• [EXERCISE REQUIREMENTS]: Copy out the records precisely, omitting pictures.

• [Stored items from a collection]:
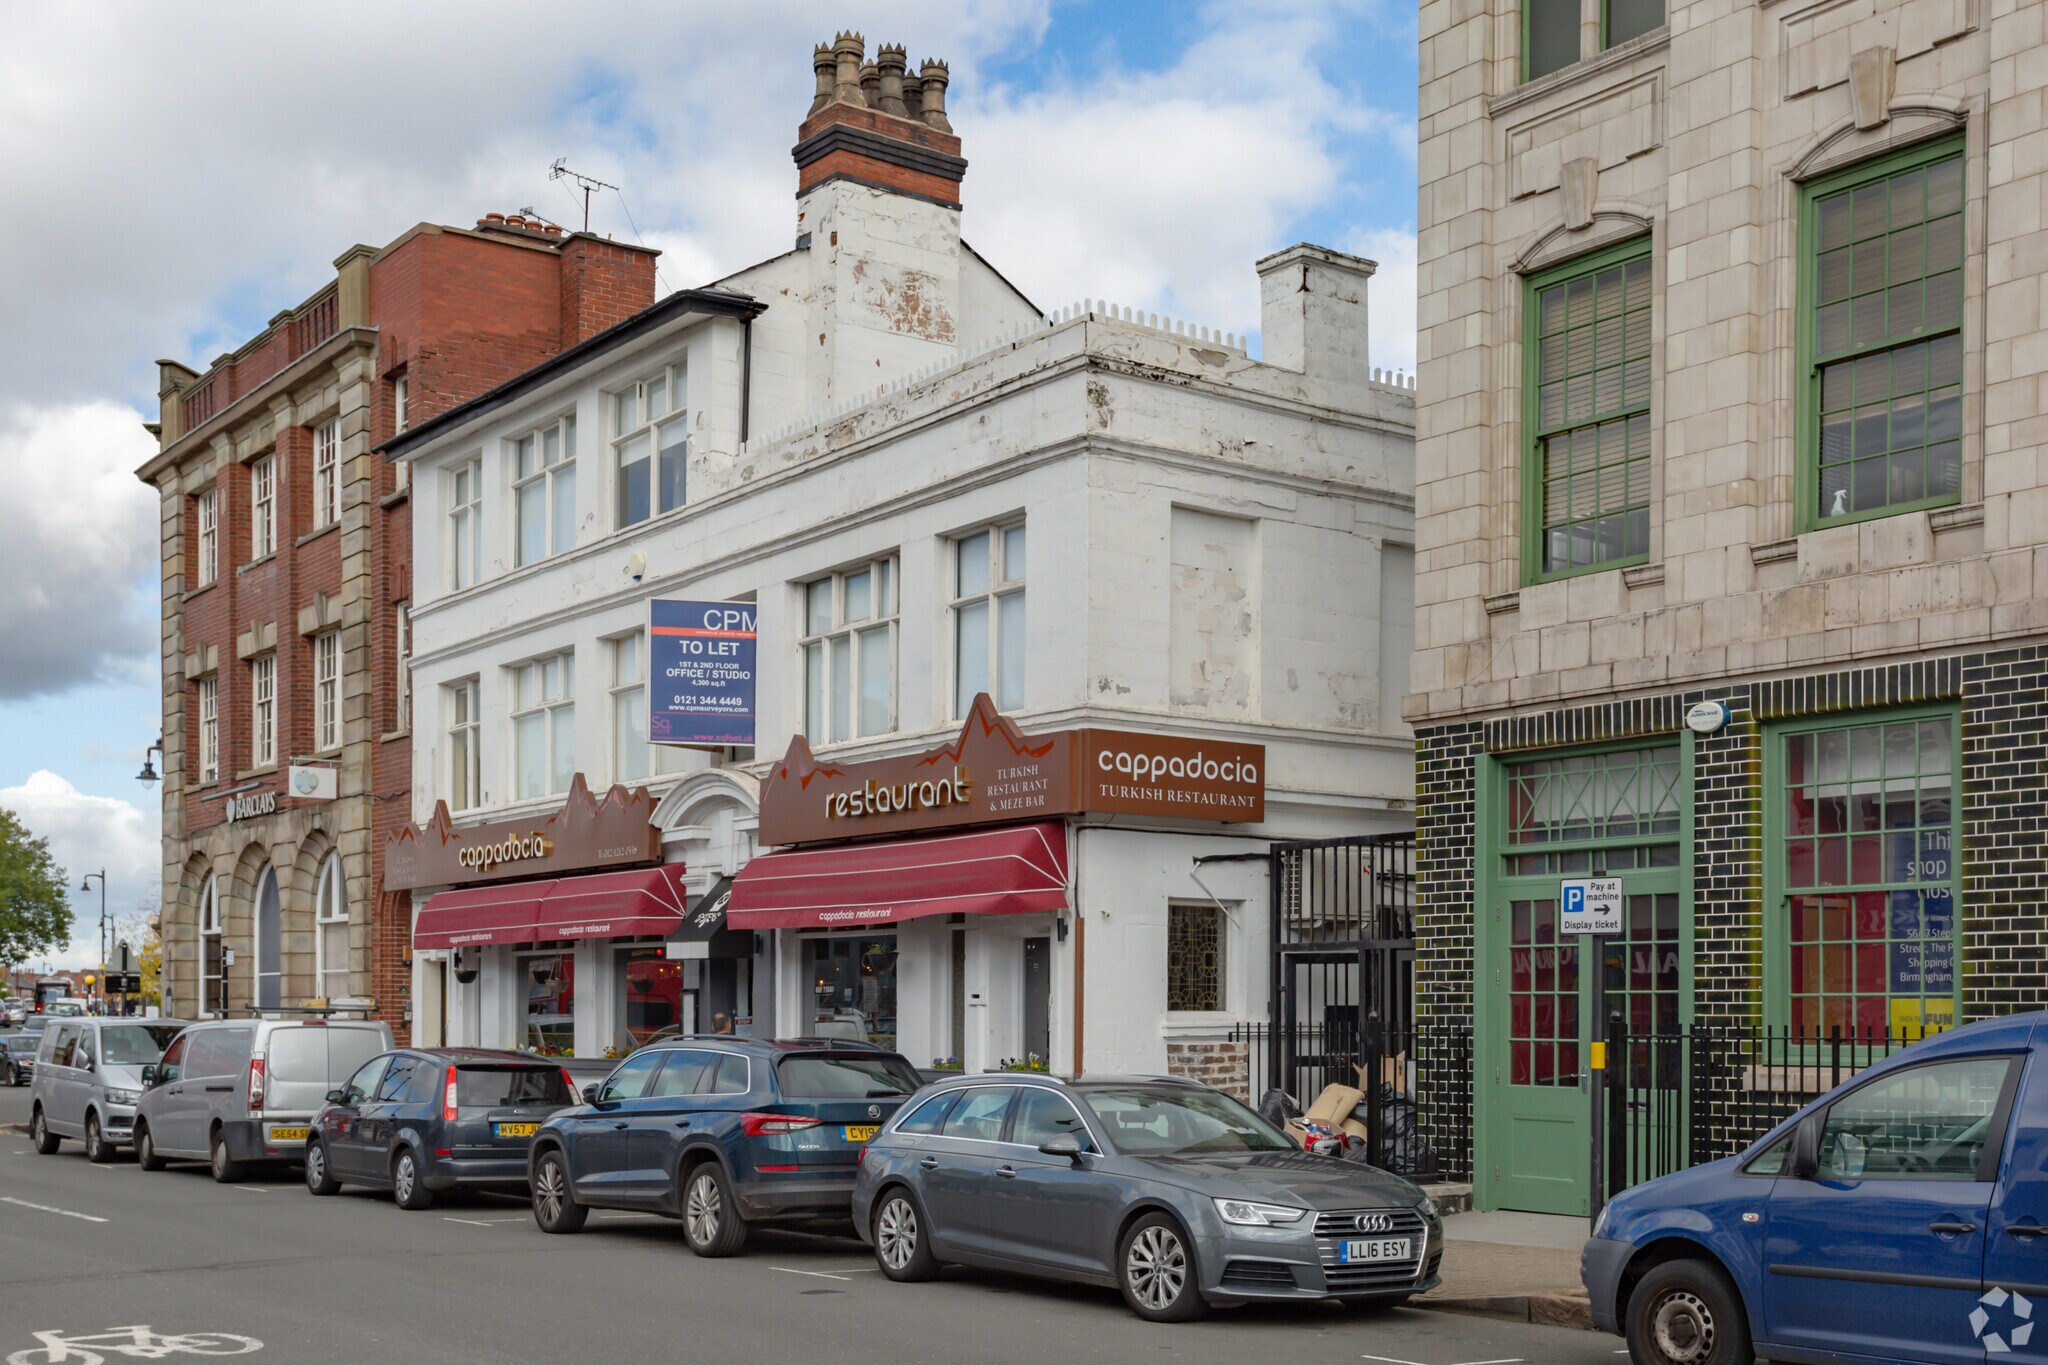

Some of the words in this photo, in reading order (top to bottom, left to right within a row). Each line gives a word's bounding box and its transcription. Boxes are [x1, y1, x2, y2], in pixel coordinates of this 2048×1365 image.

[703, 609, 757, 632] CPM
[679, 640, 703, 655] TO
[708, 642, 740, 656] LET
[666, 668, 704, 678] OFFICE
[705, 670, 710, 678] /
[712, 670, 751, 680] STUDIO
[674, 695, 697, 704] 0121
[700, 696, 717, 705] 344
[719, 697, 742, 706] 4449
[668, 704, 749, 713] www.cpmsurveyors.com
[693, 734, 754, 743] www.sqfoot.uk
[996, 764, 1038, 780] TURKISH
[1098, 750, 1257, 784] cappadocia
[825, 766, 964, 818] restaurant
[987, 779, 1049, 796] RESTAURANT
[1099, 784, 1163, 801] TURKISH
[1167, 790, 1256, 808] RESTAURANT
[235, 792, 276, 819] BARCLAYS
[989, 801, 998, 811] &
[1000, 797, 1024, 810] MEZE
[1026, 795, 1045, 807] BAR
[459, 831, 544, 873] cappadocia
[1590, 882, 1605, 892] Pay
[1607, 882, 1616, 890] at
[1918, 887, 1953, 899] los
[1568, 889, 1581, 911] P
[1586, 892, 1619, 901] machine
[818, 910, 855, 923] cappadocia
[856, 907, 892, 919] restaurant
[1564, 920, 1593, 930] Display
[1595, 920, 1618, 929] ticket
[1931, 943, 1946, 953] The
[1907, 957, 1948, 969] Shpping
[1900, 971, 1954, 984] Birmngham,
[1924, 1013, 1953, 1026] FUN
[274, 1129, 297, 1138] SE54
[500, 1124, 526, 1134] MV57
[850, 1127, 875, 1139] CY19
[1350, 1242, 1379, 1259] LL16
[1383, 1241, 1407, 1258] ESY

• [REPLY TO THE EXERCISE]:
Some of the words in this photo, in reading order (top to bottom, left to right within a row). Each line gives a word's bounding box and its transcription. Boxes are [x1, y1, x2, y2], in pixel coordinates of this 2048×1365 image.

[703, 609, 757, 632] CPM
[679, 640, 703, 655] TO
[708, 642, 740, 656] LET
[666, 668, 704, 678] OFFICE
[705, 670, 710, 678] /
[712, 670, 751, 680] STUDIO
[674, 695, 697, 704] 0121
[700, 696, 717, 705] 344
[719, 697, 742, 706] 4449
[668, 704, 749, 713] www.cpmsurveyors.com
[693, 734, 754, 743] www.sqfoot.uk
[996, 764, 1038, 780] TURKISH
[1098, 750, 1257, 784] cappadocia
[825, 766, 964, 818] restaurant
[987, 779, 1049, 796] RESTAURANT
[1099, 784, 1163, 801] TURKISH
[1167, 790, 1256, 808] RESTAURANT
[235, 792, 276, 819] BARCLAYS
[989, 801, 998, 811] &
[1000, 797, 1024, 810] MEZE
[1026, 795, 1045, 807] BAR
[459, 831, 544, 873] cappadocia
[1590, 882, 1605, 892] Pay
[1607, 882, 1616, 890] at
[1918, 887, 1953, 899] los
[1568, 889, 1581, 911] P
[1586, 892, 1619, 901] machine
[818, 910, 855, 923] cappadocia
[856, 907, 892, 919] restaurant
[1564, 920, 1593, 930] Display
[1595, 920, 1618, 929] ticket
[1931, 943, 1946, 953] The
[1907, 957, 1948, 969] Shpping
[1900, 971, 1954, 984] Birmngham,
[1924, 1013, 1953, 1026] FUN
[274, 1129, 297, 1138] SE54
[500, 1124, 526, 1134] MV57
[850, 1127, 875, 1139] CY19
[1350, 1242, 1379, 1259] LL16
[1383, 1241, 1407, 1258] ESY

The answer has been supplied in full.